What is SaaS?
SaaS, which means Software as a Service, refers to a software distribution model where users can access applications online via cloud provider through subscription or licensing instead of installing them to their computer.
For example, when someone buys Microsoft Office in the local store, the product will be installed on their personal computer, and it can’t be run on a different device. But with SaaS, the application data is saved remotely on servers and allows service access from any device connected to the internet.
A few great examples of SaaS are Netflix, Salesforce, Microsoft Office 365, and Google Drive.
Time-sharing system has been utilized since 1961, but the first most successful SaaS platform launch happened in 1999. This is when Salesforce was built from scratch and achieved huge growth.
At first, the SaaS model was only adopted by startups and small companies due to issues like being unstable and inflexible. However, over time, the internet has improved a lot in favor of SaaS, and companies gained the confidence to embrace this model for better revenue and lower cost.
- It is stated that over 70% of business application today applies the SaaS model, and it will increase to 85% by 2025.
- There’s a 5x increase of businesses using IT-sanctioned SaaS applications in just three years.
- More and more businesses will adopt SaaS to their workplaces for automation. From 45%, SaaS operations are predicted to increase by 80% in three years.
Since SaaS applications offer subscriptions, payments are more flexible for users. They can pay to use the services monthly or yearly instead of buying a software version and installing it on their computer. SaaS also allows users to cancel anytime, so they are not tied to a lifetime commitment.
In addition, SaaS provides automatic updates to the software, which can be a considerable time and money-saver for users. When the application is connected online, it can update the program to its latest features without downloading any updates.
Another advantage is that applications are more accessible to users since it’s cloud-based software, which offers excellent convenience.
On the other hand, since the application and its data are stored online, if there’s a problem with your internet connection or you lose connection to the server, the software stops working. SaaS applications are also susceptible to issues that are beyond customer knowledge.
Moreover, SaaS might require additional expenses for security and maintenance, which are not needed when users use traditional desktop applications.
Types of SaaS
- Email Marketing Software – Allows marketers to automate emails, plus track and gather insights such as clicks, open rates, and bounce rates.
- Accounting Software – Used by businesses to manage and organize billing, invoicing, budgeting, and time tracking functions.

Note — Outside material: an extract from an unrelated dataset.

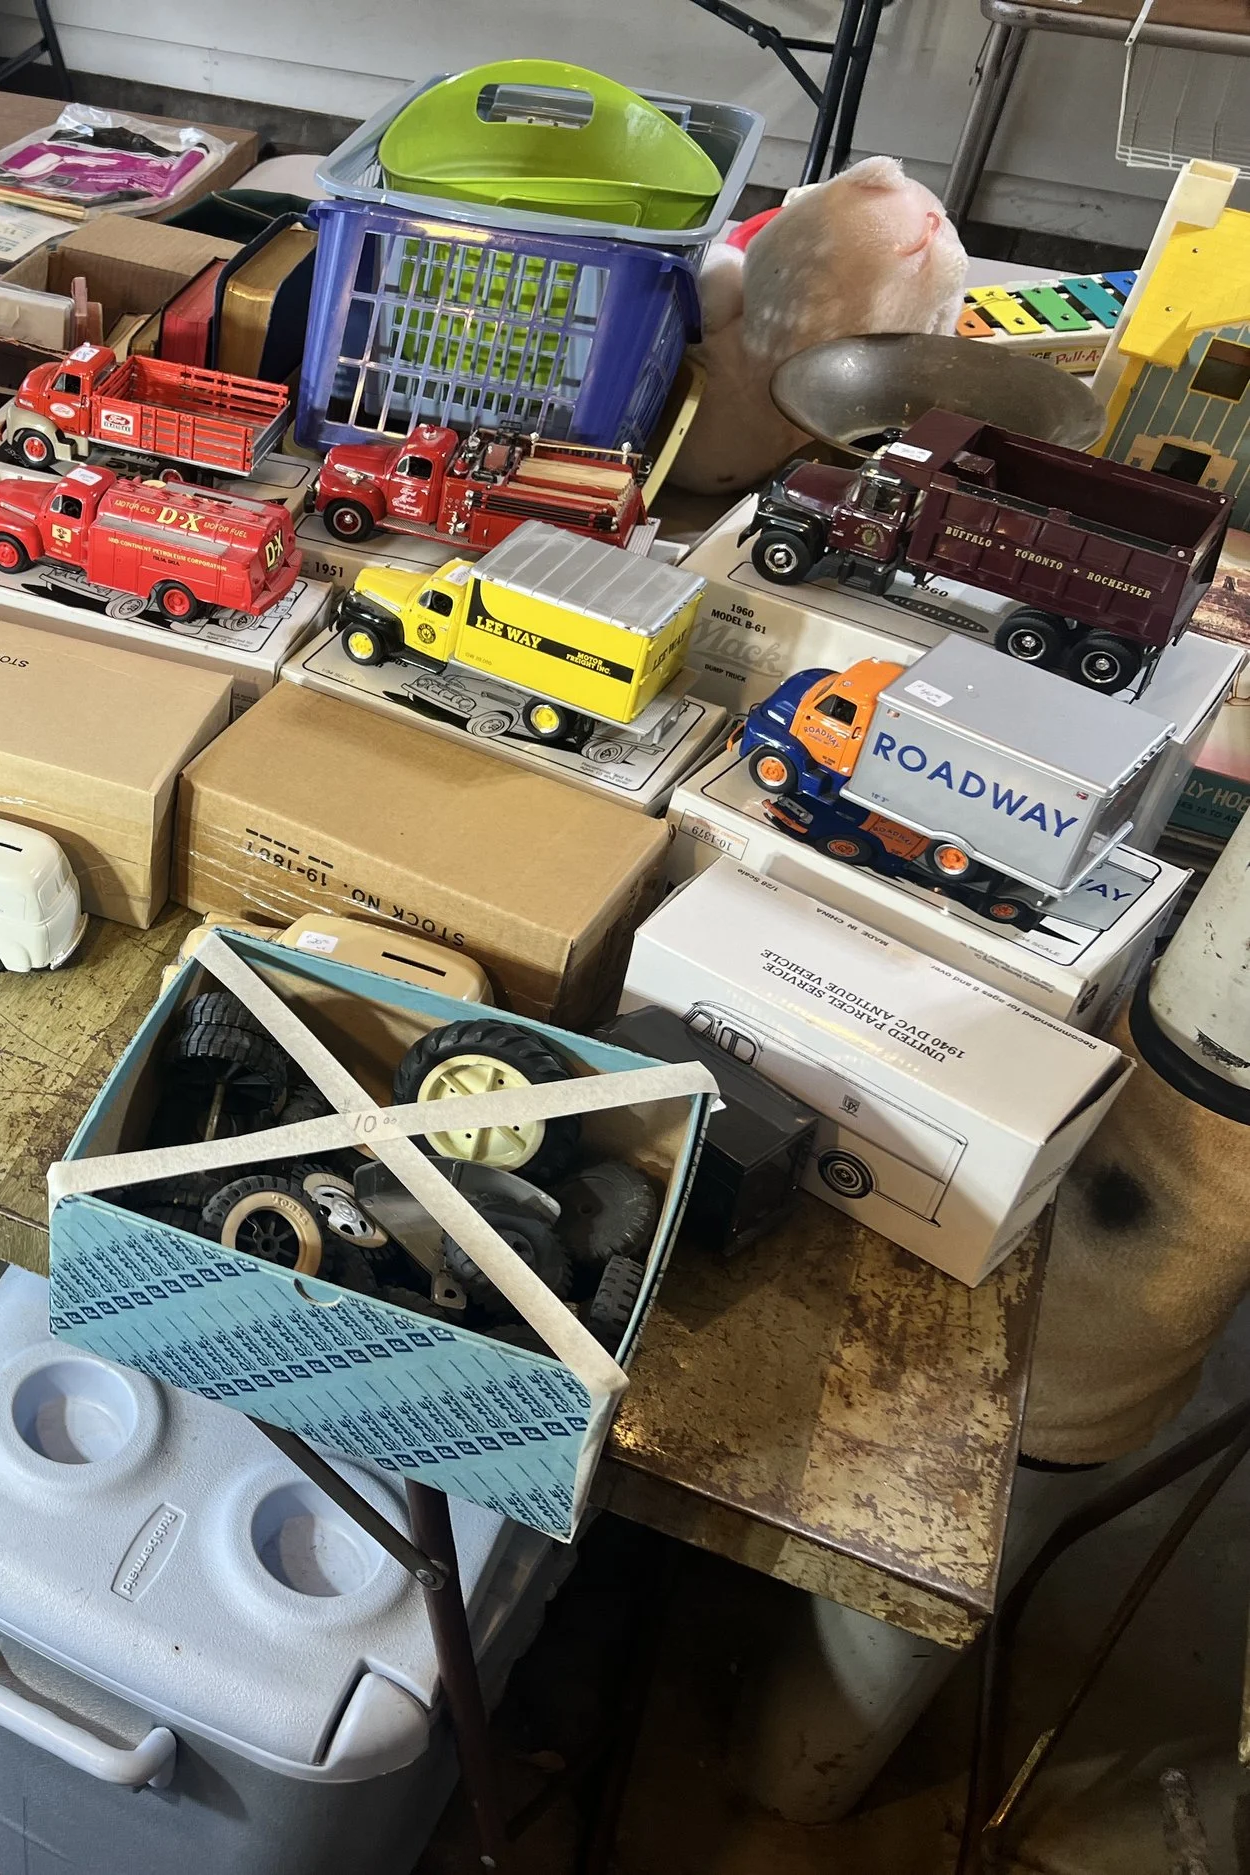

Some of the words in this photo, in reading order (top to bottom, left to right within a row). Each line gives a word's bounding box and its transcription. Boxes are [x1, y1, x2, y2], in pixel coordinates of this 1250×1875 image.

- Customer Relationship Management (CRM) Software – Allows businesses to organize and manage client data, communications, sales, and tasks.
- Project Management Software – Perfect for team management as it allows businesses to manage workflow, chat with team members, organize files and track the progress of projects.
- Enterprise Resource Planning (ERP) Software – Used by companies to manage multiple business activities such as inventory, production, procurement, and distribution.